Problem requirements:
Leave out the pictures and retype all the entries below exactly.

(Saved entries)
• • • • • • •

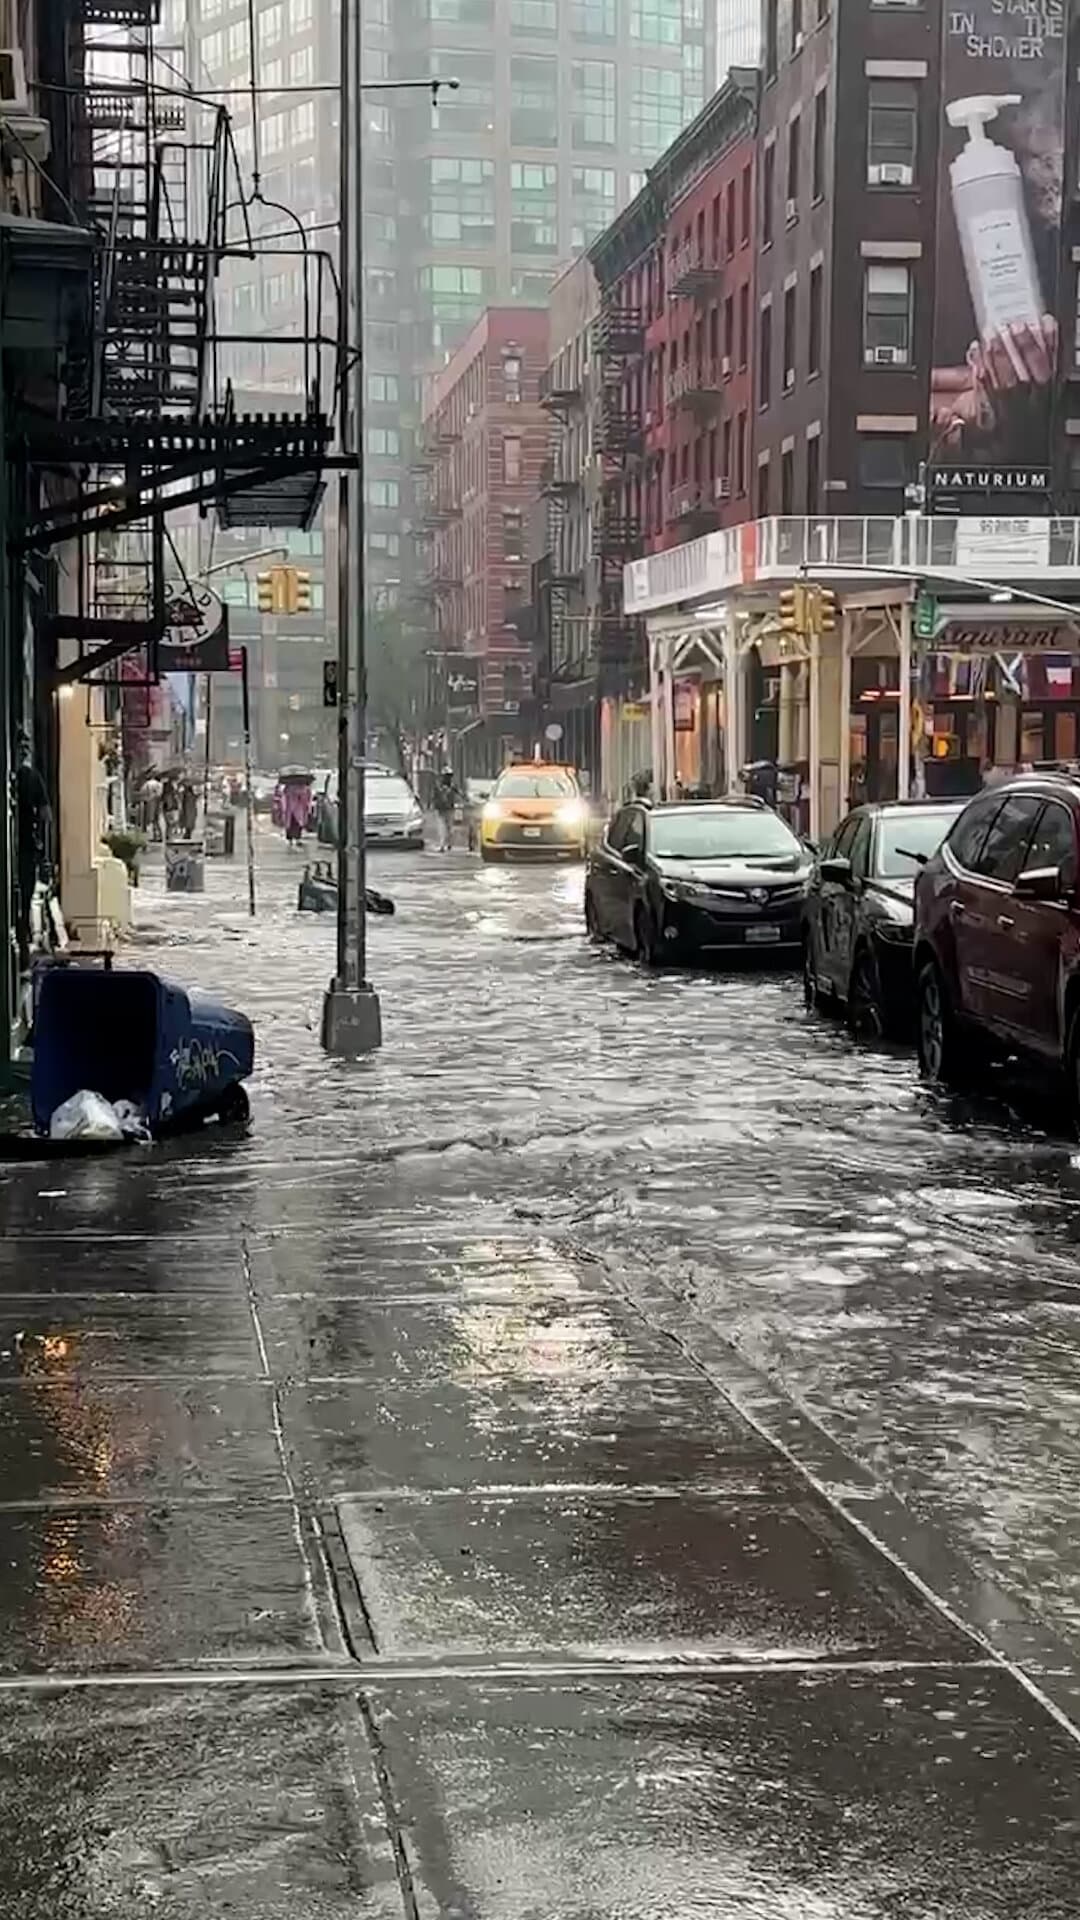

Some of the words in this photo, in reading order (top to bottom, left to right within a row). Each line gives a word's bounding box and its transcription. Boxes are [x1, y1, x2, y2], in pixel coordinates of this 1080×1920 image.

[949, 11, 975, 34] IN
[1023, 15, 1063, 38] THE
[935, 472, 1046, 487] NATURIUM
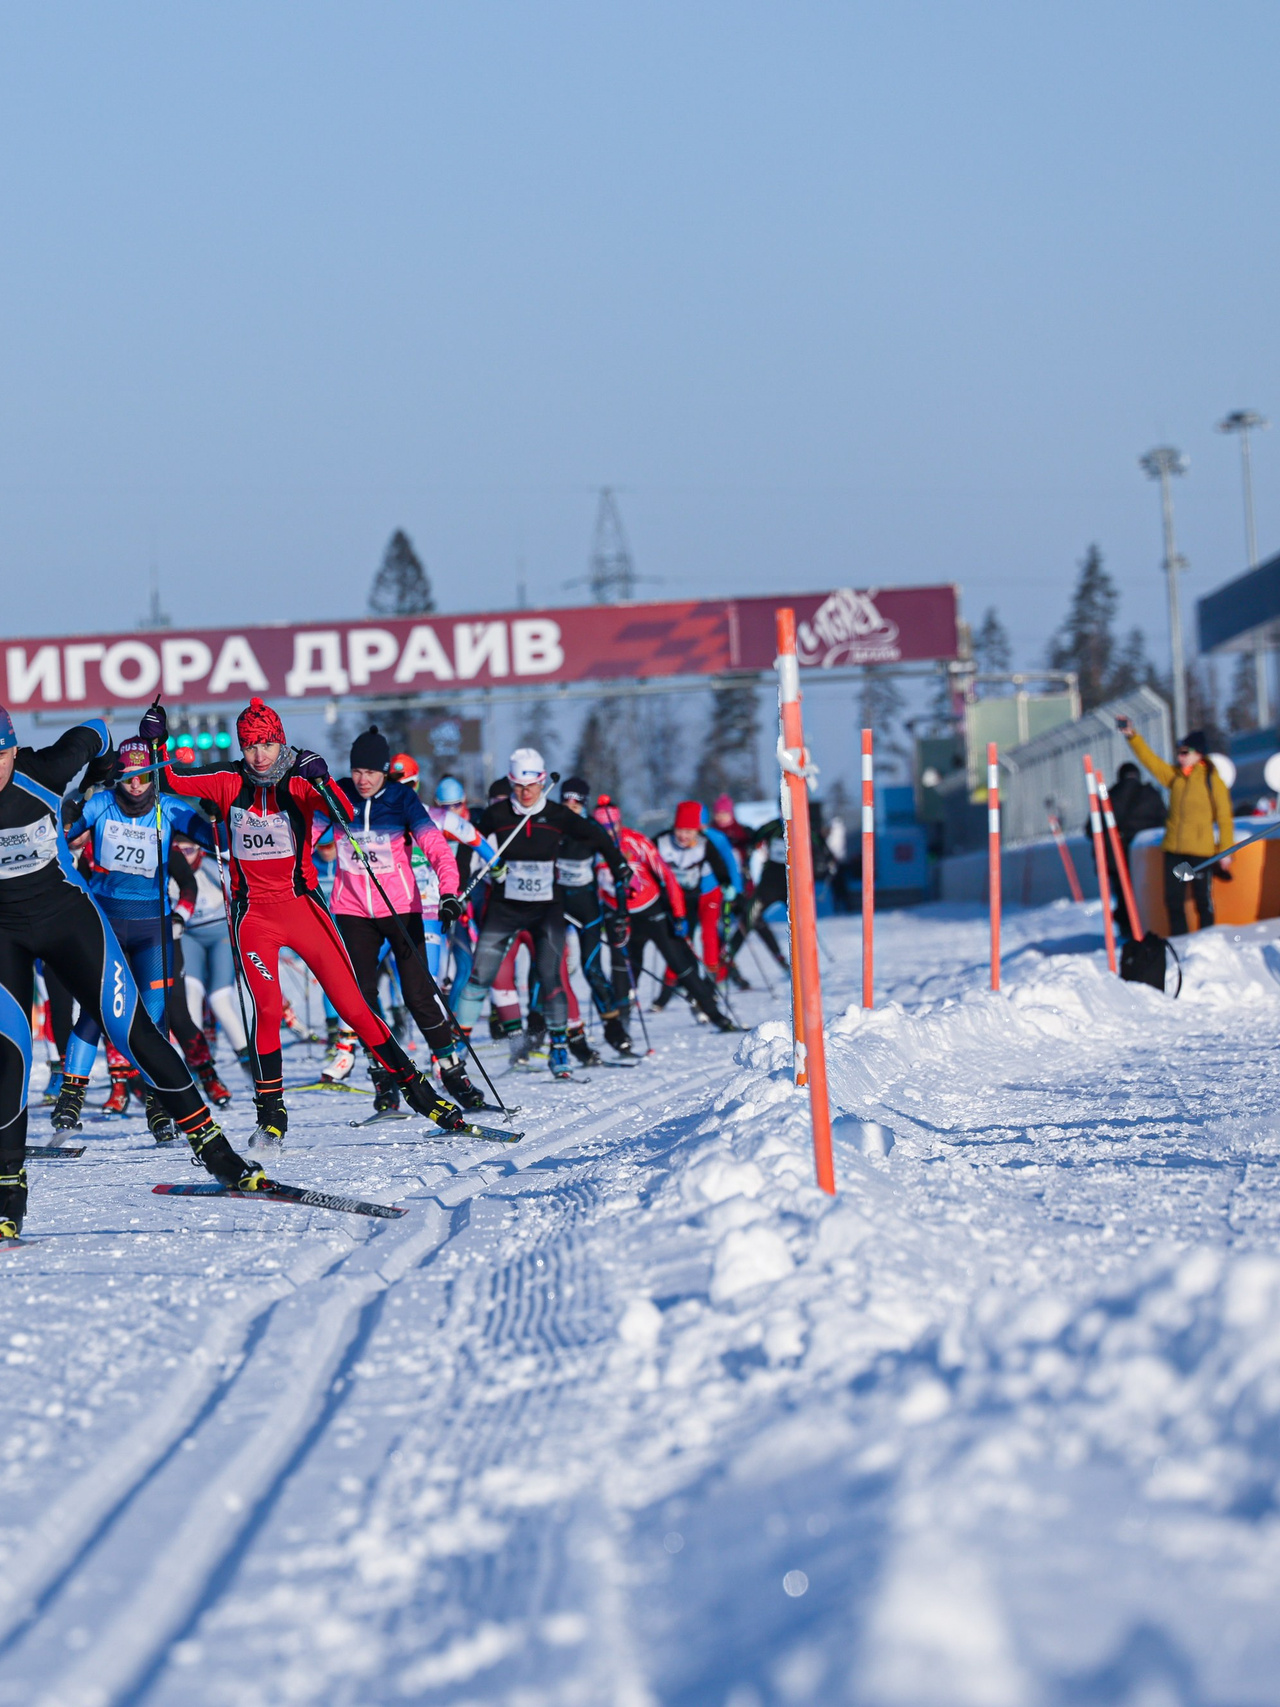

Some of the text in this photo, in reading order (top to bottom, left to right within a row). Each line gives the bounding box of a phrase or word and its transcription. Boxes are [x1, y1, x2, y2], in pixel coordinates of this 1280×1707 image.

• • • • • • •

Output below:
Some of the words in this photo, in reading order (top to bottom, left to right within a row). Each line gives a word's bounding box and its transcription. Boxes are [x1, y1, x2, y2], in pixel coordinates of this 1080×1920 image.

[949, 11, 975, 34] IN
[1023, 15, 1063, 38] THE
[935, 472, 1046, 487] NATURIUM

Some of the text in this photo, in reading order (top to bottom, left to right within a row). Each line gives the bounding box of a phrase or word and its transcription. Boxes are [x1, y1, x2, y2], in pixel coordinates of this 1280×1707 image.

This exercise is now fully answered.